◆ **Prompt**
Give back every entry, copied exactly.

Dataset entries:
* * * *
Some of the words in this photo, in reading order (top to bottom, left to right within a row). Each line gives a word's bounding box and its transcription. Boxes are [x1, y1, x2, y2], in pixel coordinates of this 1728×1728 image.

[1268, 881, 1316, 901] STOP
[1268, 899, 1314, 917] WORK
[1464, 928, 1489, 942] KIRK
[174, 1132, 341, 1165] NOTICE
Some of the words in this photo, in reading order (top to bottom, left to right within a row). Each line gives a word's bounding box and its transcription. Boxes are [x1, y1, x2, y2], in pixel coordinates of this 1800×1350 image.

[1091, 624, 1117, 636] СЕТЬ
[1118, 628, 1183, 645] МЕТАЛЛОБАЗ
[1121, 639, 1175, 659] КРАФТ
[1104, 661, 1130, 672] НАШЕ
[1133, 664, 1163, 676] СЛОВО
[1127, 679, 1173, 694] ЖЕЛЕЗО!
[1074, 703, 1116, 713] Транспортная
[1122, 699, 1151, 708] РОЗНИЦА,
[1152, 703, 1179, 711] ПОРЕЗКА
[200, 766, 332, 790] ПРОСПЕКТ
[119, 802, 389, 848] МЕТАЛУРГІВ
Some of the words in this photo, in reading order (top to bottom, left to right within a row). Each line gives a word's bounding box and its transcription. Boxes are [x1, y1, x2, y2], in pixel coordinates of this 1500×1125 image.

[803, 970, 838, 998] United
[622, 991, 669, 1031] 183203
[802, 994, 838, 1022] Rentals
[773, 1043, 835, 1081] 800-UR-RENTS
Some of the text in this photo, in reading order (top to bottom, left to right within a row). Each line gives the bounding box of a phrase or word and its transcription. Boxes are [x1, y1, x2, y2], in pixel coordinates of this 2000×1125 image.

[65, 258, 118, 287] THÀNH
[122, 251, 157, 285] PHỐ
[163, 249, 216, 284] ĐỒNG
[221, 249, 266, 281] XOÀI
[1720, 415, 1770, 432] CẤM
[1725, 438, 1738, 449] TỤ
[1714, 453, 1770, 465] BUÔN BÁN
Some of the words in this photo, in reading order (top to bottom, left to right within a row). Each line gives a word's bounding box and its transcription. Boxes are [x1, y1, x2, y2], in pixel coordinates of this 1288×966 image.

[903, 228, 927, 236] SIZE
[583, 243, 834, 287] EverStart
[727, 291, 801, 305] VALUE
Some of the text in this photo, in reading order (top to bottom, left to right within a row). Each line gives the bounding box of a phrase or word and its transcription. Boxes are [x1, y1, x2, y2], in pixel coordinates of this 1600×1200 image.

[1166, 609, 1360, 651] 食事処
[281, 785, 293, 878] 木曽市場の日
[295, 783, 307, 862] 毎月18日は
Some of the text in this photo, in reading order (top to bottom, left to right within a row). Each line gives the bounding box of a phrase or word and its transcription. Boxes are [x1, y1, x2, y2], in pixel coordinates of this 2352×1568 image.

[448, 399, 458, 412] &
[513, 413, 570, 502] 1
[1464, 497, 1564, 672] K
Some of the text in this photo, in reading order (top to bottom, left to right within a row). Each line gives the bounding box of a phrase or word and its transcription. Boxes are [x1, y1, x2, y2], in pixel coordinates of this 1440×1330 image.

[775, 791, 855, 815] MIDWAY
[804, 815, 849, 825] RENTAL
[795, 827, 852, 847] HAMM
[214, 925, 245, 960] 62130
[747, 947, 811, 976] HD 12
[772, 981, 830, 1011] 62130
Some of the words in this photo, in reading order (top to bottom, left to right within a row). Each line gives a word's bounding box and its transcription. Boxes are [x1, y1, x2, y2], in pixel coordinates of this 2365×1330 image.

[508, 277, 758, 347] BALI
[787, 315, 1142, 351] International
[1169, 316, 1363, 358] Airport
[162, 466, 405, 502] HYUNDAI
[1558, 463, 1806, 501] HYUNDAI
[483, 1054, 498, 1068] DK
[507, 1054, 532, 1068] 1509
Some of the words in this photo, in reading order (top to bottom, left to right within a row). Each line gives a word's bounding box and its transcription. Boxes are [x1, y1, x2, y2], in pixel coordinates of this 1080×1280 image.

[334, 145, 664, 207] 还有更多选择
* * * *
◆ **Answer to the problem**
Some of the words in this photo, in reading order (top to bottom, left to right within a row). Each line gives a word's bounding box and its transcription. Boxes are [x1, y1, x2, y2], in pixel coordinates of this 1728×1728 image.

[1268, 881, 1316, 901] STOP
[1268, 899, 1314, 917] WORK
[1464, 928, 1489, 942] KIRK
[174, 1132, 341, 1165] NOTICE
Some of the words in this photo, in reading order (top to bottom, left to right within a row). Each line gives a word's bounding box and its transcription. Boxes are [x1, y1, x2, y2], in pixel coordinates of this 1800×1350 image.

[1091, 624, 1117, 636] СЕТЬ
[1118, 628, 1183, 645] МЕТАЛЛОБАЗ
[1121, 639, 1175, 659] КРАФТ
[1104, 661, 1130, 672] НАШЕ
[1133, 664, 1163, 676] СЛОВО
[1127, 679, 1173, 694] ЖЕЛЕЗО!
[1074, 703, 1116, 713] Транспортная
[1122, 699, 1151, 708] РОЗНИЦА,
[1152, 703, 1179, 711] ПОРЕЗКА
[200, 766, 332, 790] ПРОСПЕКТ
[119, 802, 389, 848] МЕТАЛУРГІВ
Some of the words in this photo, in reading order (top to bottom, left to right within a row). Each line gives a word's bounding box and its transcription. Boxes are [x1, y1, x2, y2], in pixel coordinates of this 1500×1125 image.

[803, 970, 838, 998] United
[622, 991, 669, 1031] 183203
[802, 994, 838, 1022] Rentals
[773, 1043, 835, 1081] 800-UR-RENTS
Some of the text in this photo, in reading order (top to bottom, left to right within a row). Each line gives the bounding box of a phrase or word and its transcription. Boxes are [x1, y1, x2, y2], in pixel coordinates of this 2000×1125 image.

[65, 258, 118, 287] THÀNH
[122, 251, 157, 285] PHỐ
[163, 249, 216, 284] ĐỒNG
[221, 249, 266, 281] XOÀI
[1720, 415, 1770, 432] CẤM
[1725, 438, 1738, 449] TỤ
[1714, 453, 1770, 465] BUÔN BÁN
Some of the words in this photo, in reading order (top to bottom, left to right within a row). Each line gives a word's bounding box and its transcription. Boxes are [x1, y1, x2, y2], in pixel coordinates of this 1288×966 image.

[903, 228, 927, 236] SIZE
[583, 243, 834, 287] EverStart
[727, 291, 801, 305] VALUE
Some of the text in this photo, in reading order (top to bottom, left to right within a row). Each line gives the bounding box of a phrase or word and its transcription. Boxes are [x1, y1, x2, y2], in pixel coordinates of this 1600×1200 image.

[1166, 609, 1360, 651] 食事処
[281, 785, 293, 878] 木曽市場の日
[295, 783, 307, 862] 毎月18日は
Some of the text in this photo, in reading order (top to bottom, left to right within a row). Each line gives the bounding box of a phrase or word and its transcription. Boxes are [x1, y1, x2, y2], in pixel coordinates of this 2352×1568 image.

[448, 399, 458, 412] &
[513, 413, 570, 502] 1
[1464, 497, 1564, 672] K
Some of the text in this photo, in reading order (top to bottom, left to right within a row). Each line gives the bounding box of a phrase or word and its transcription. Boxes are [x1, y1, x2, y2], in pixel coordinates of this 1440×1330 image.

[775, 791, 855, 815] MIDWAY
[804, 815, 849, 825] RENTAL
[795, 827, 852, 847] HAMM
[214, 925, 245, 960] 62130
[747, 947, 811, 976] HD 12
[772, 981, 830, 1011] 62130
Some of the words in this photo, in reading order (top to bottom, left to right within a row). Each line gives a word's bounding box and its transcription. Boxes are [x1, y1, x2, y2], in pixel coordinates of this 2365×1330 image.

[508, 277, 758, 347] BALI
[787, 315, 1142, 351] International
[1169, 316, 1363, 358] Airport
[162, 466, 405, 502] HYUNDAI
[1558, 463, 1806, 501] HYUNDAI
[483, 1054, 498, 1068] DK
[507, 1054, 532, 1068] 1509
Some of the words in this photo, in reading order (top to bottom, left to right within a row). Each line gives a word's bounding box and its transcription. Boxes are [x1, y1, x2, y2], in pixel coordinates of this 1080×1280 image.

[334, 145, 664, 207] 还有更多选择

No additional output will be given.